Diversi fonici che avevano già esperienza con il posto mi hanno detto durante i soundcheck che il risultato, già senza pubblico, era migliore di quello che si ricordavano.
Questo impianto ha due 15” per i bassi, anziché i 18” dell’Y‑Axis 18, perciò io credevo che forse sarebbe stato un po’ più magro, invece i bassi ci sono e sono molto controllabili. Sviluppa molta pressione e tutto quello che deve arrivare qui a 63 metri arriva. Una delle cose impressionanti dell’impianto qui nell’arena è l’omogeneità su tutto il parterre. I tutti i posti numerati l’audio non cambia assolutamente. Se cammini verso l’impianto non senti salire o scendere gli acuti rispetto ai medi. Ovviamente questo dipende anche dal fatto che è stato montato e impostato molto bene qui, con l’aiuto anche della casa madre. Comunque ho visto il progetto insieme a Jochen, ed è tutto molto semplice, non occorre alcuna magia.

Gli spettacoli a cui abbiamo assistito all’arena coprivano due generi molto diversi. Erano il sestetto di Sonny Rollins, la sera del 13 luglio, e la serata Reggae il 14. Cosa possiamo dire di questo nuovo Adamson? A dire la verità, la sera che ha suonato Sonny Rollins il sottoscritto era così incantato dall’esecuzione sul palco che l’audio sembrava non esistere... e questo è forse come dovrebbe essere. La sera successiva, il reggae ha dato risultati più “misurabili”. A parte alcune difficoltà che ha avuto il fonico di Stephen Marley, forse dovuto all’effetto “ultima-data-tour-lungo-spettacolo-presto”, l’audio è stato veramente immenso. Infatti, in altre situazioni simili, alcuni dei problemini che ha avuto questo fonico con la voce forse non li avrei mai notati se l’impianto stesso non fosse stato così cristallino.
A testimoniare la performance di questo nuovo impianto e della crew di Umbria Jazz è stato il fonico Richard Corsello, il responsabile audio in tournée con Sonny Rollins.

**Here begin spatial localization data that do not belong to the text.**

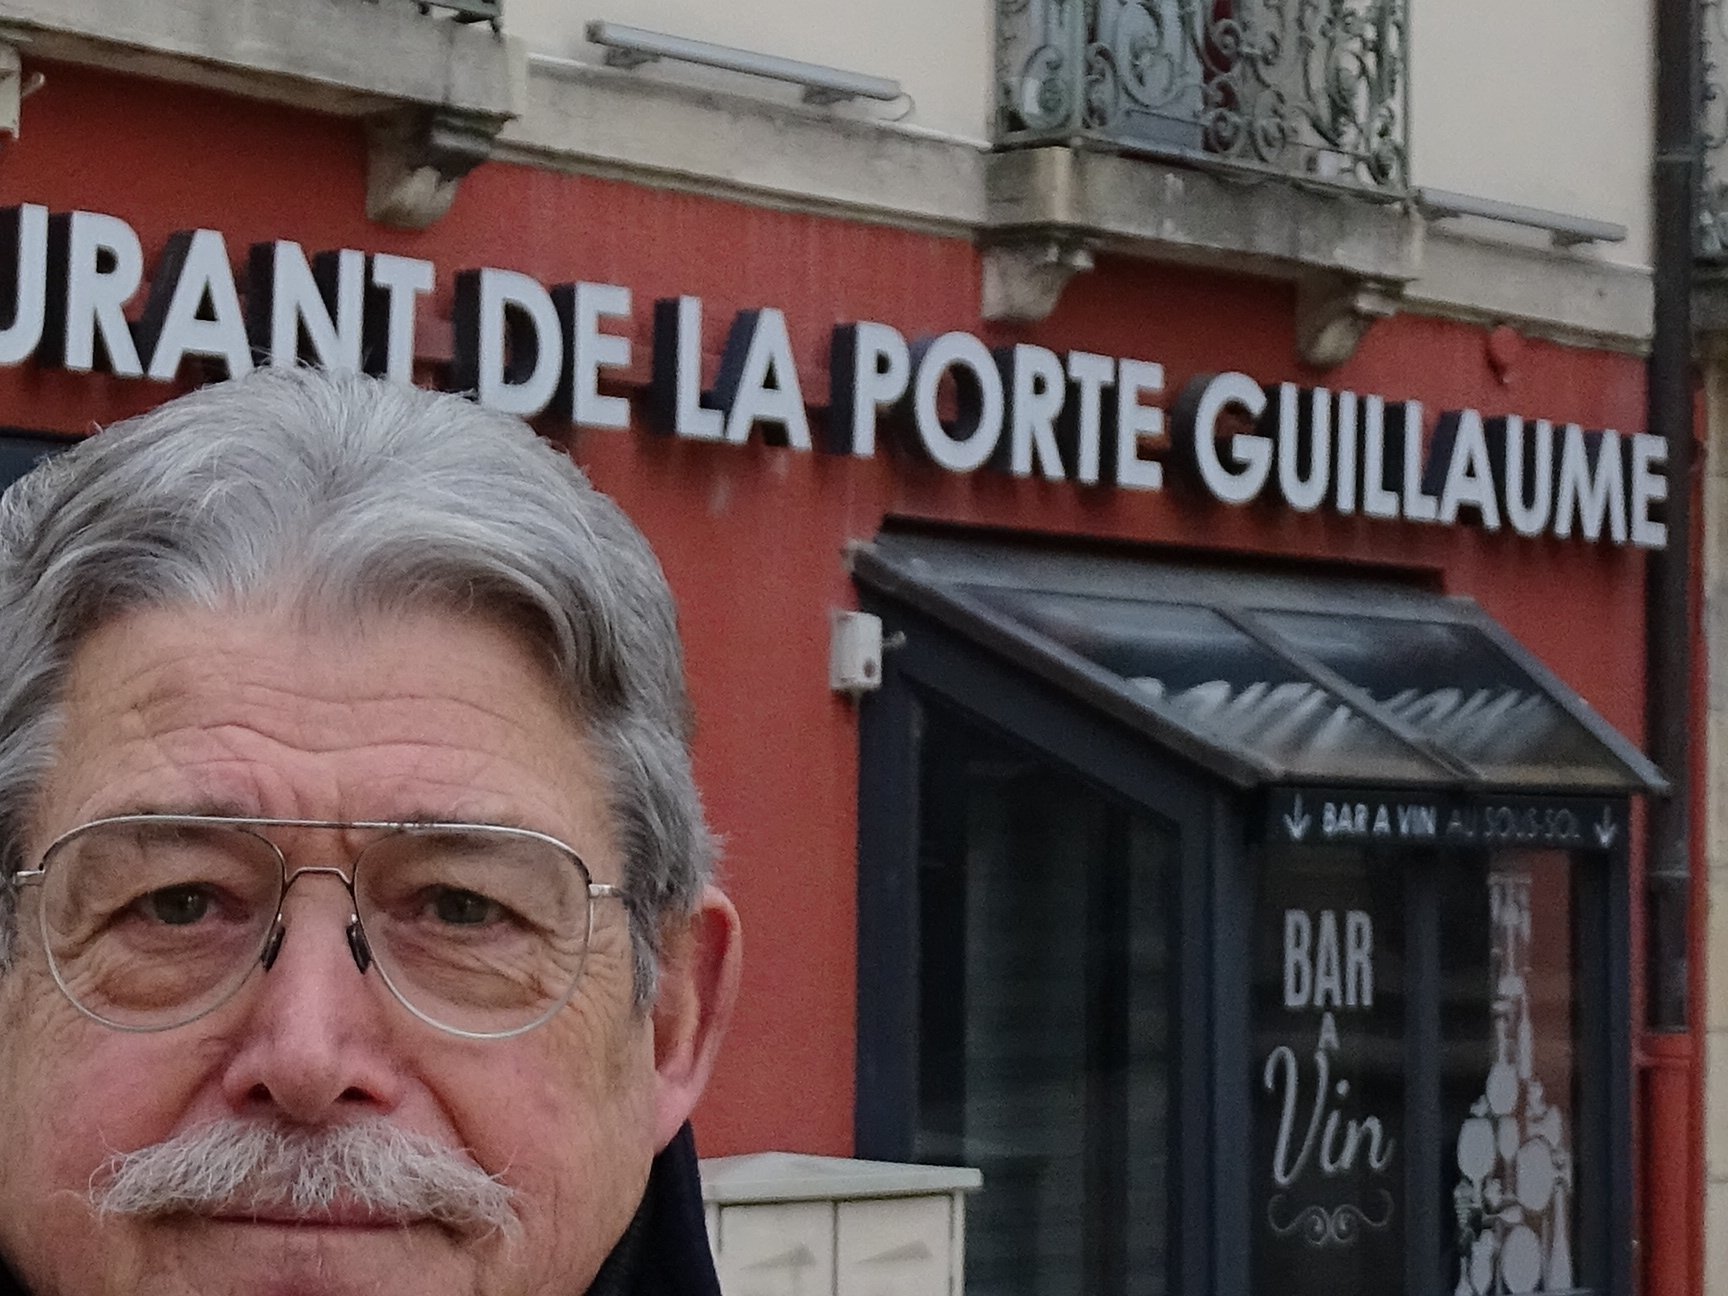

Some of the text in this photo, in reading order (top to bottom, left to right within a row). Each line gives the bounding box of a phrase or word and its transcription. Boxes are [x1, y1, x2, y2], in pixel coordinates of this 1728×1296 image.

[464, 266, 632, 430] DE
[664, 292, 813, 452] LA
[840, 318, 1165, 492] PORTE
[1180, 369, 1669, 550] GUILLAUME
[1322, 801, 1369, 836] BAR
[1397, 804, 1437, 837] VIN
[1283, 908, 1373, 1007] BAR
[1263, 1044, 1397, 1187] Vin

Questa è la tua seconda volta a Umbria Jazz.  Cosa pensi   dell’organizzazione: i tecnici  italiani sono all’altezza dei colleghi di altri paesi?


Ma scherzi? Questo qui è un sogno confronto ad altri posti. Immagina di dover fare uno spettacolo in Polonia in un teatro, e il service arriva con le casse tutte bruciate e ancora coperte di fango dopo un festival metal, con metà degli ingressi strappati dietro la console! Poi ti lamenti e ti spiegano che questo è tutto quello che c’è!
Qui è proprio un paradiso. Tutti i ragazzi sanno il loro mestiere e tutto è fatto in modo esperto e correttamente. I ragazzi qui sono proprio di prim’ordine.
L’impianto che hai usato nell’arena è un nuovo impianto ancora in versione “beta”.

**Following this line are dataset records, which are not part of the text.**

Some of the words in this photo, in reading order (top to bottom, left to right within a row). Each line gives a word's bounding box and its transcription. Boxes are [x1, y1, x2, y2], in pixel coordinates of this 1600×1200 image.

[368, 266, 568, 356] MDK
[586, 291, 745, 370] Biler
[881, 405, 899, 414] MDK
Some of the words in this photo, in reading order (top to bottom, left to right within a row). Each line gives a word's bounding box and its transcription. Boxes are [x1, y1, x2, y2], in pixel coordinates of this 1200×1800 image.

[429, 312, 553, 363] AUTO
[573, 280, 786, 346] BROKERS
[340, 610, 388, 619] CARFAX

So che hai escluso anche i sub... che impressione hai avuto?
La gamma media del sassofono tenore è importantissima e il sound di Sonny è potentissimo e può risultare soverchiante anche senza un impianto. Ho trovato il sistema molto limpido, molto potente e molto naturale. Aveva tutta la presenza necessaria senza mordere. A volte noi suoniamo nelle venue in cui il suono di Sonny sul palco è fantastico e poi mi metto davanti l’impianto e comincia a fare qua-qua, e devo ricorrere a qualche equalizzazione. Invece ieri sera il canale era lineare e ho dovuto solo alzare il volume sul sax.
Vorrei poter dire di più, ma veramente non so quello che succedeva dietro le quinte o dopo il banco. Sono riuscito a lavorare molto bene nella massima semplicità, usando solo il guadagno ed il volume, e tutto suonava in modo pulitissimo. Sono rimasto molto contento.